RECORDED DATA below:

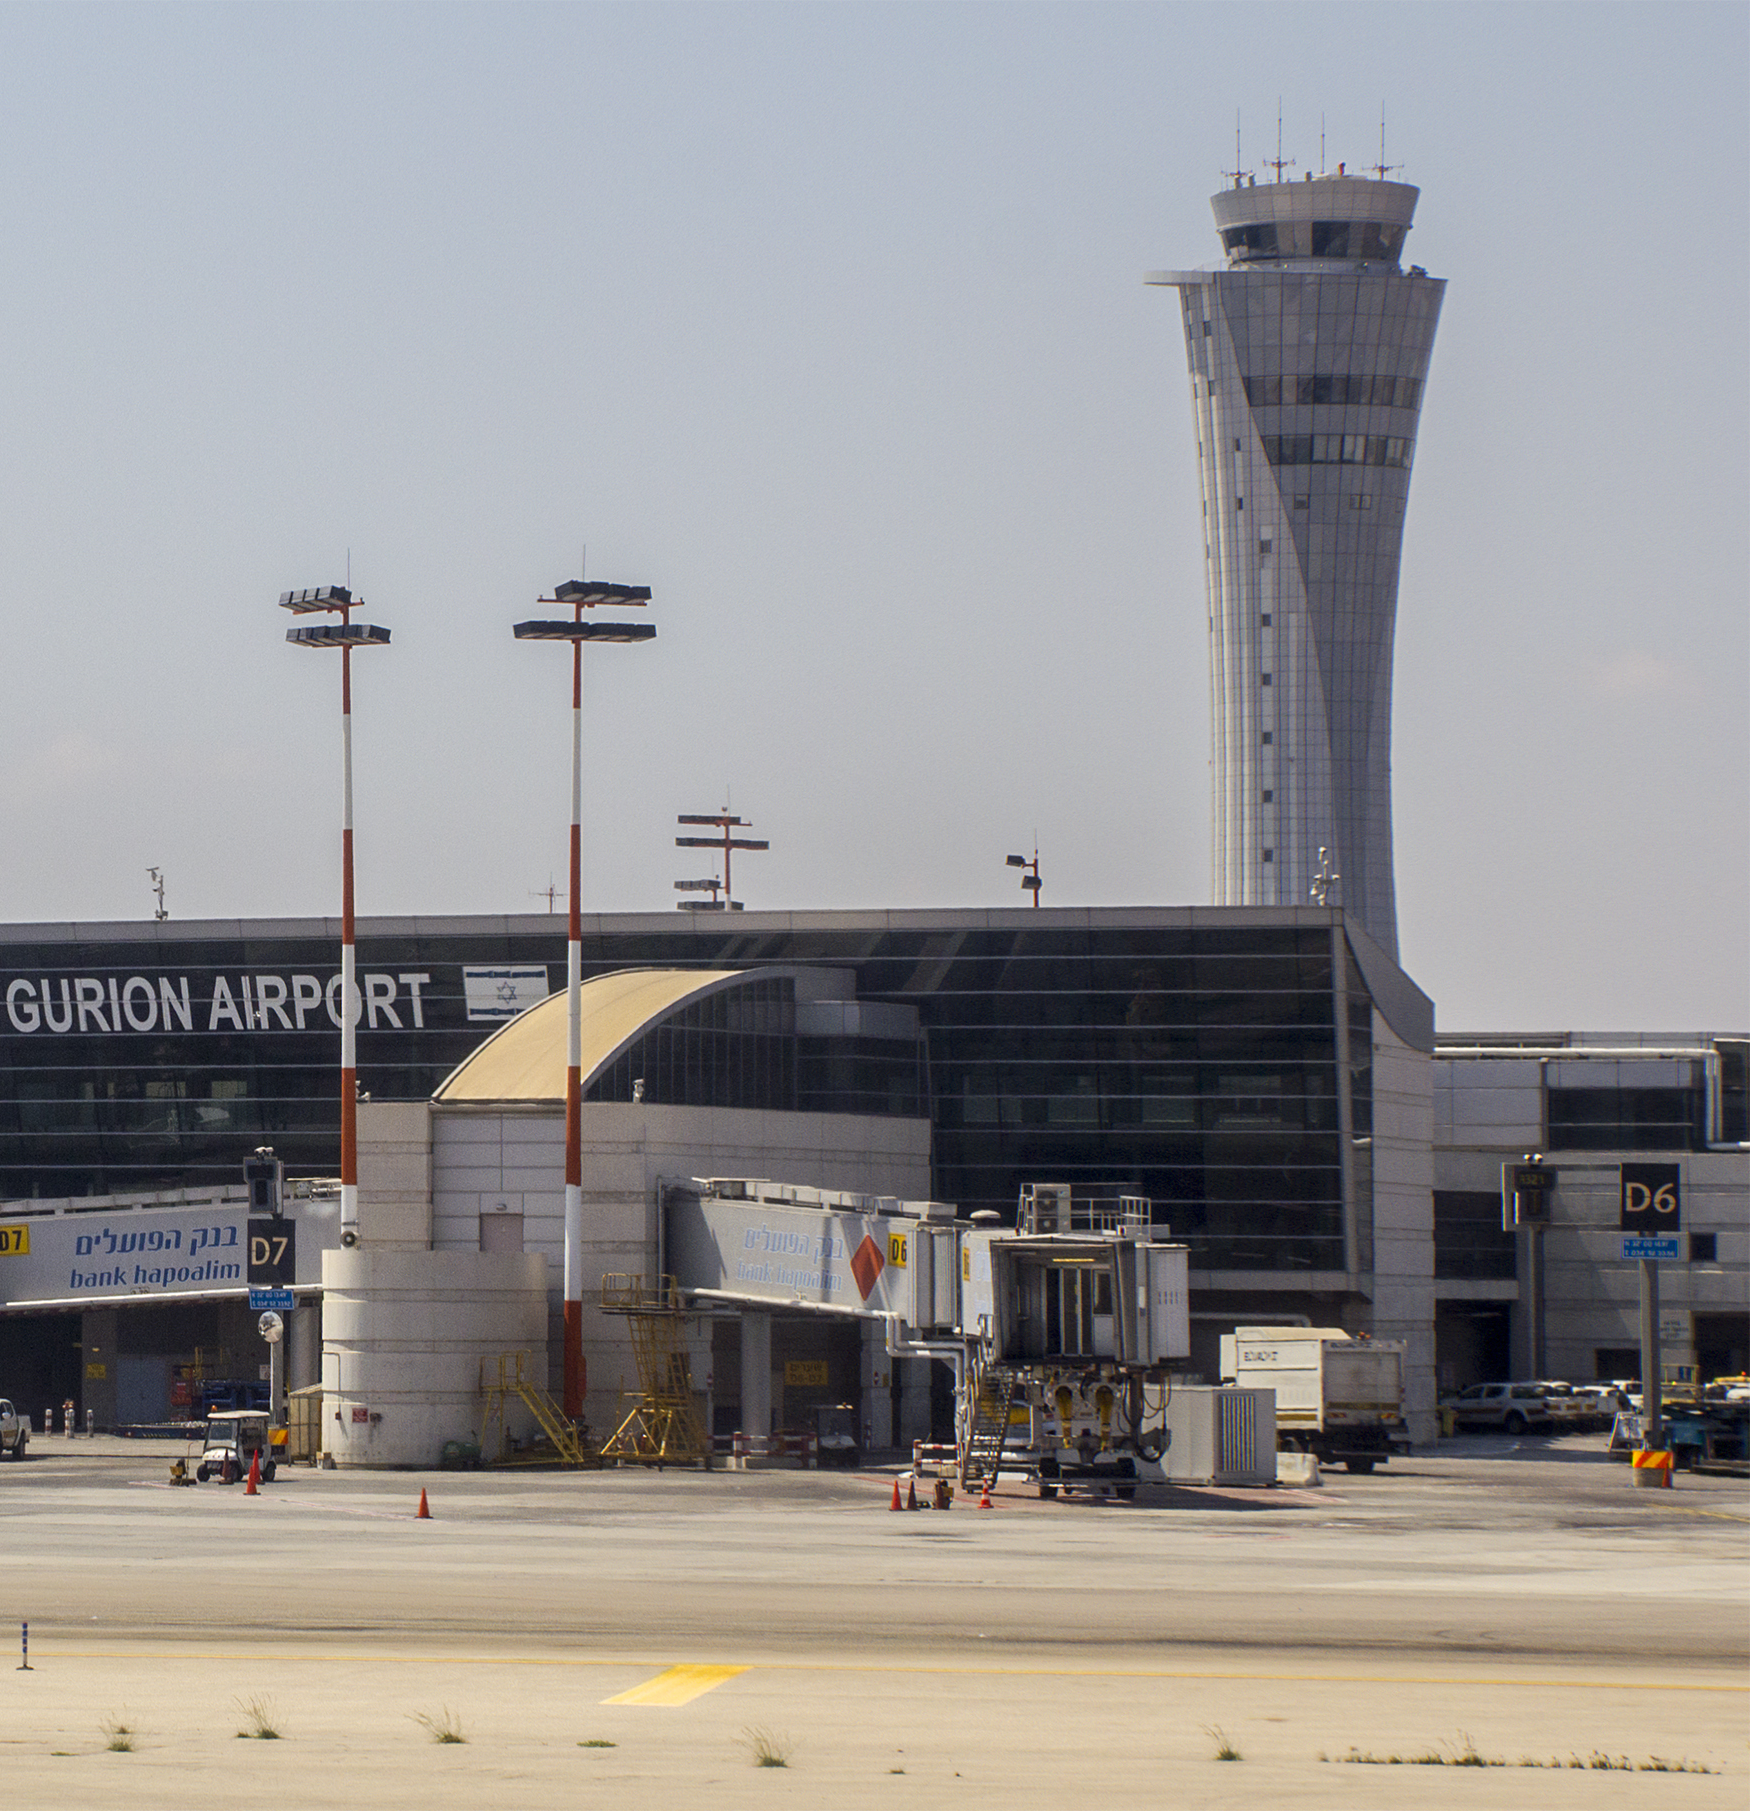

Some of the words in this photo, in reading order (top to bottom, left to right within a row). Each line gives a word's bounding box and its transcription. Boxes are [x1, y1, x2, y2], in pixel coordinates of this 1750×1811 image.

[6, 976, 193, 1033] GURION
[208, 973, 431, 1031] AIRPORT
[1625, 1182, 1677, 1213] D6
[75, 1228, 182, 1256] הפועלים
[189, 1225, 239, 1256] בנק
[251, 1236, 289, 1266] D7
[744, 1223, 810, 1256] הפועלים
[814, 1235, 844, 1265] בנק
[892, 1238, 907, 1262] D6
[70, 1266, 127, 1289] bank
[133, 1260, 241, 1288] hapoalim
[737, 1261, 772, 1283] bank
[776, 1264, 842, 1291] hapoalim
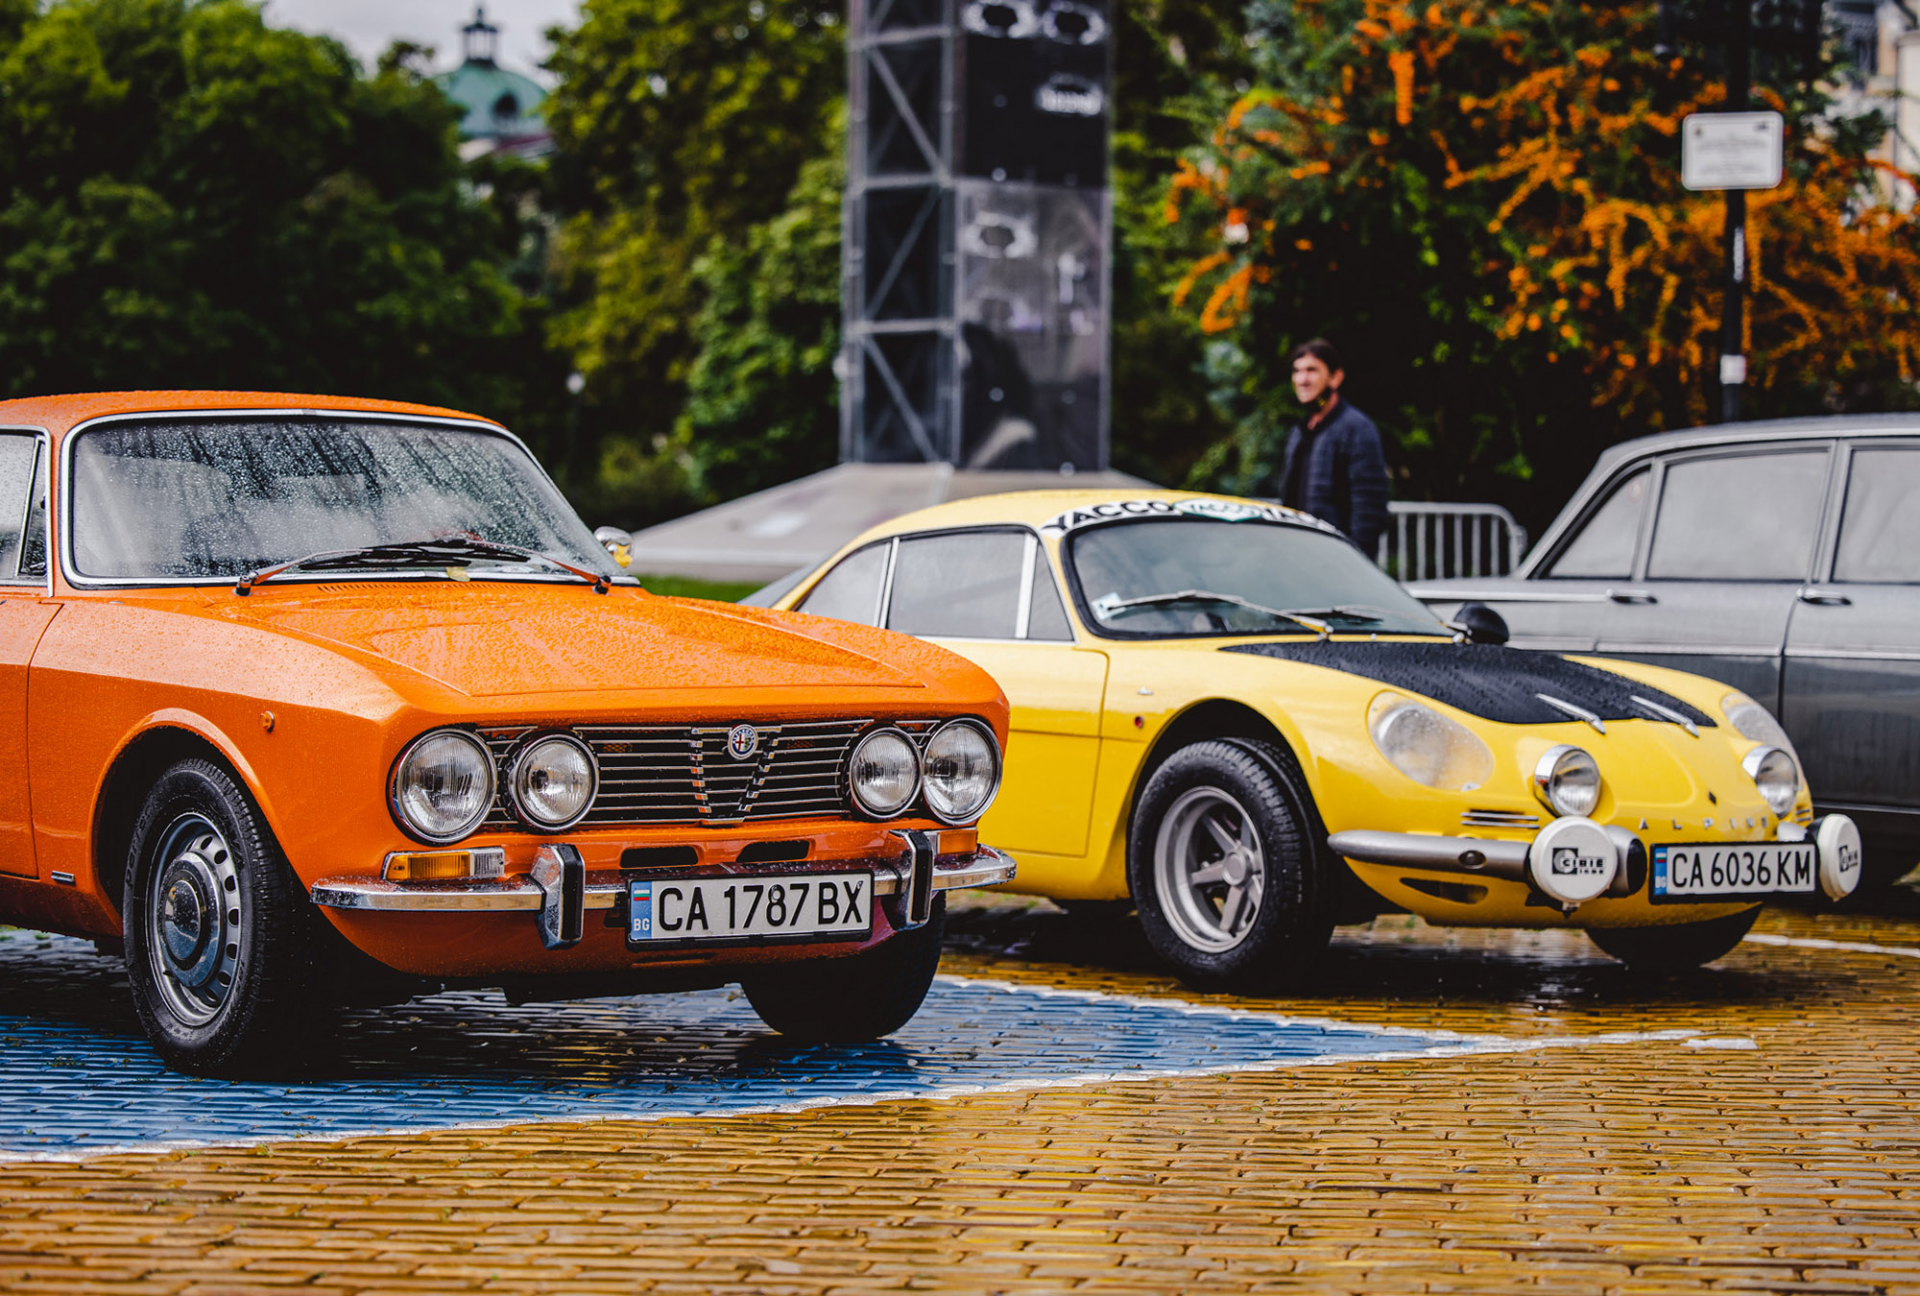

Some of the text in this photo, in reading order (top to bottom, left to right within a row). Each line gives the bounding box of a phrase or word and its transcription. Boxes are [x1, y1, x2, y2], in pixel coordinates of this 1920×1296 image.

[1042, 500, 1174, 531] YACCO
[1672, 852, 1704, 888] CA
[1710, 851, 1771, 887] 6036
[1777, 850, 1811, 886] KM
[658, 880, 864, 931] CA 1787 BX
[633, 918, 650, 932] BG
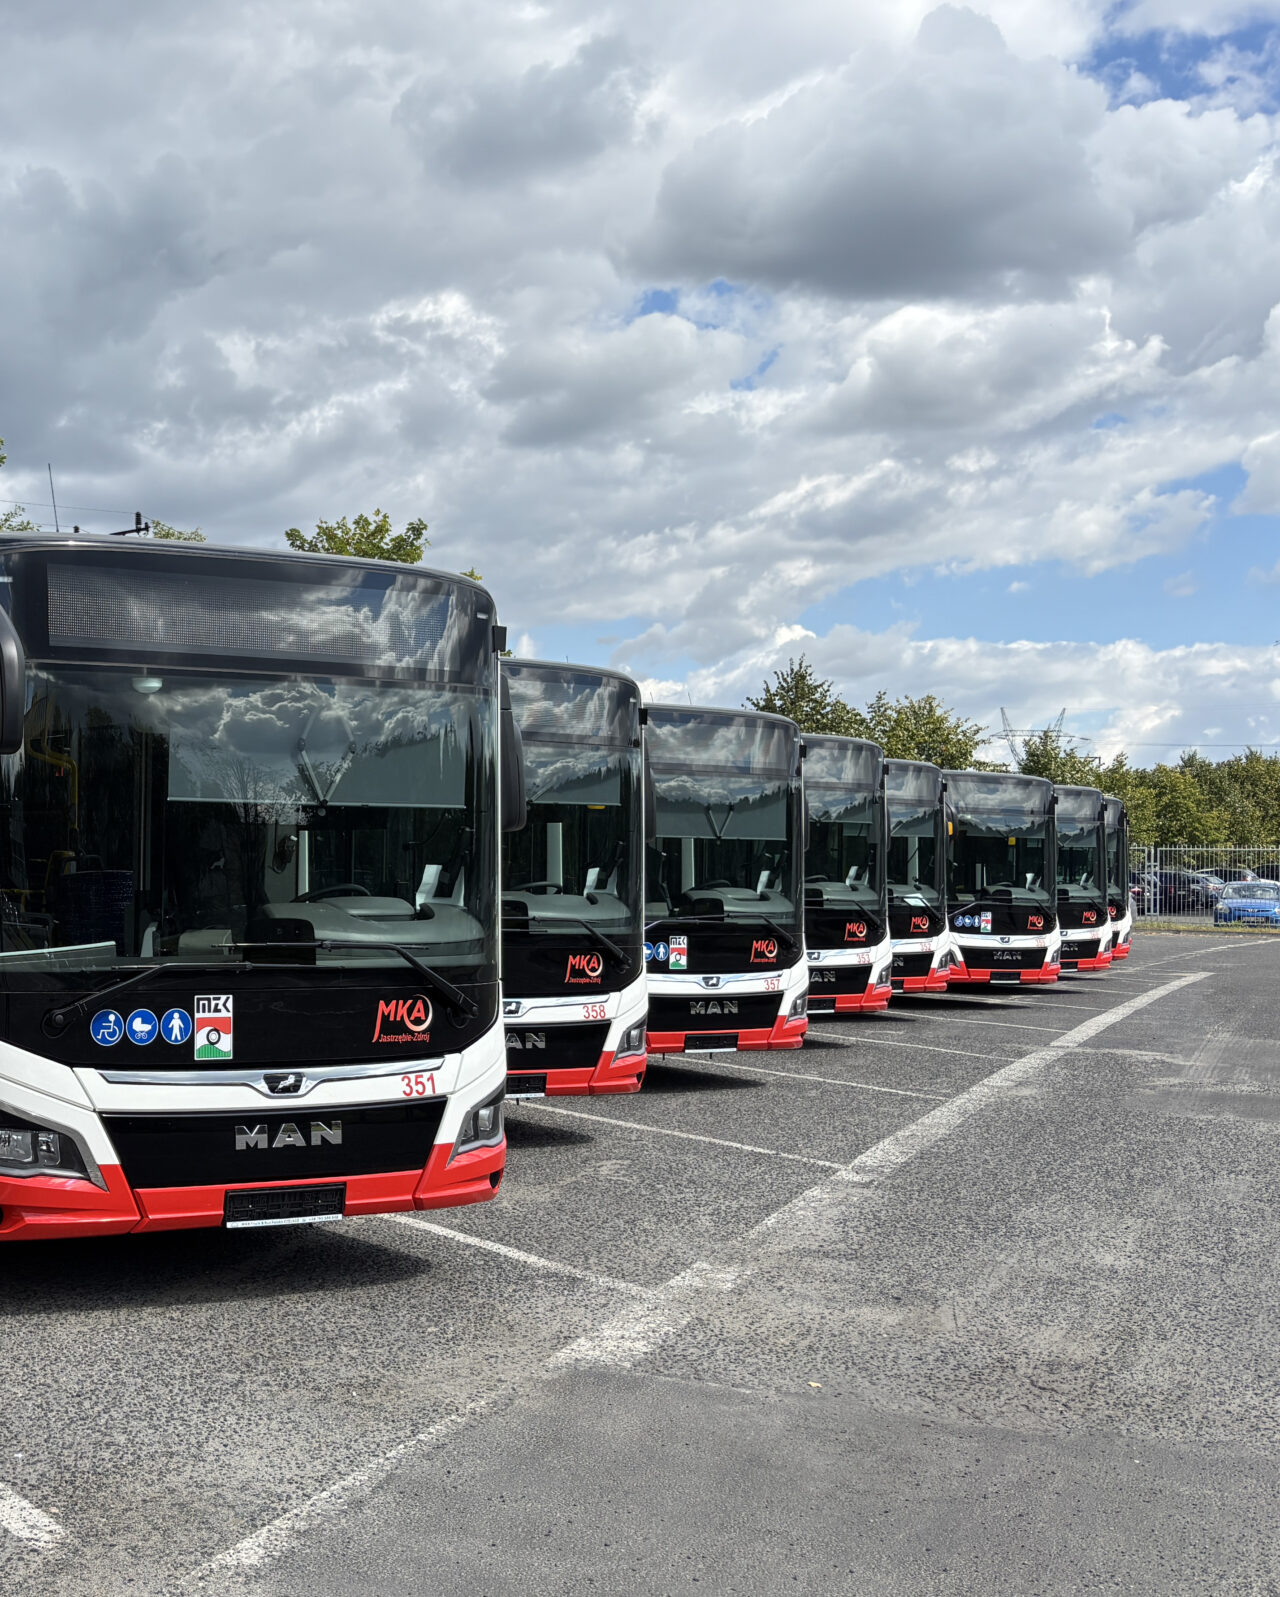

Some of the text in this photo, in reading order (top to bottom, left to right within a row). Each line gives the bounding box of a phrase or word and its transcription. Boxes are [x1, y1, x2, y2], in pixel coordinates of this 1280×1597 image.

End of RECORDED DATA.

## WHAT THE EXERCISE ASKS
Word for word, give the data above again, without any images.

## FINAL ANSWER
Some of the words in this photo, in reading order (top to bottom, left to right within a row). Each line gives a word's bounding box and its transcription. Boxes are [x1, y1, x2, y2], in pixel coordinates of this 1750×1811 image.

[6, 976, 193, 1033] GURION
[208, 973, 431, 1031] AIRPORT
[1625, 1182, 1677, 1213] D6
[75, 1228, 182, 1256] הפועלים
[189, 1225, 239, 1256] בנק
[251, 1236, 289, 1266] D7
[744, 1223, 810, 1256] הפועלים
[814, 1235, 844, 1265] בנק
[892, 1238, 907, 1262] D6
[70, 1266, 127, 1289] bank
[133, 1260, 241, 1288] hapoalim
[737, 1261, 772, 1283] bank
[776, 1264, 842, 1291] hapoalim

Some of the text in this photo, in reading order (top to bottom, left to right within a row). Each line gives the bounding box of a phrase or word and its transcription. Boxes are [x1, y1, x2, y2], in pixel coordinates of this 1920×1296 image.

[1042, 500, 1174, 531] YACCO
[1672, 852, 1704, 888] CA
[1710, 851, 1771, 887] 6036
[1777, 850, 1811, 886] KM
[658, 880, 864, 931] CA 1787 BX
[633, 918, 650, 932] BG

Some of the text in this photo, in reading order (top to bottom, left to right within a row). Each line gives the bounding box of a phrase or word and its transcription. Boxes are [x1, y1, x2, y2], in pixel coordinates of this 1280×1597 image.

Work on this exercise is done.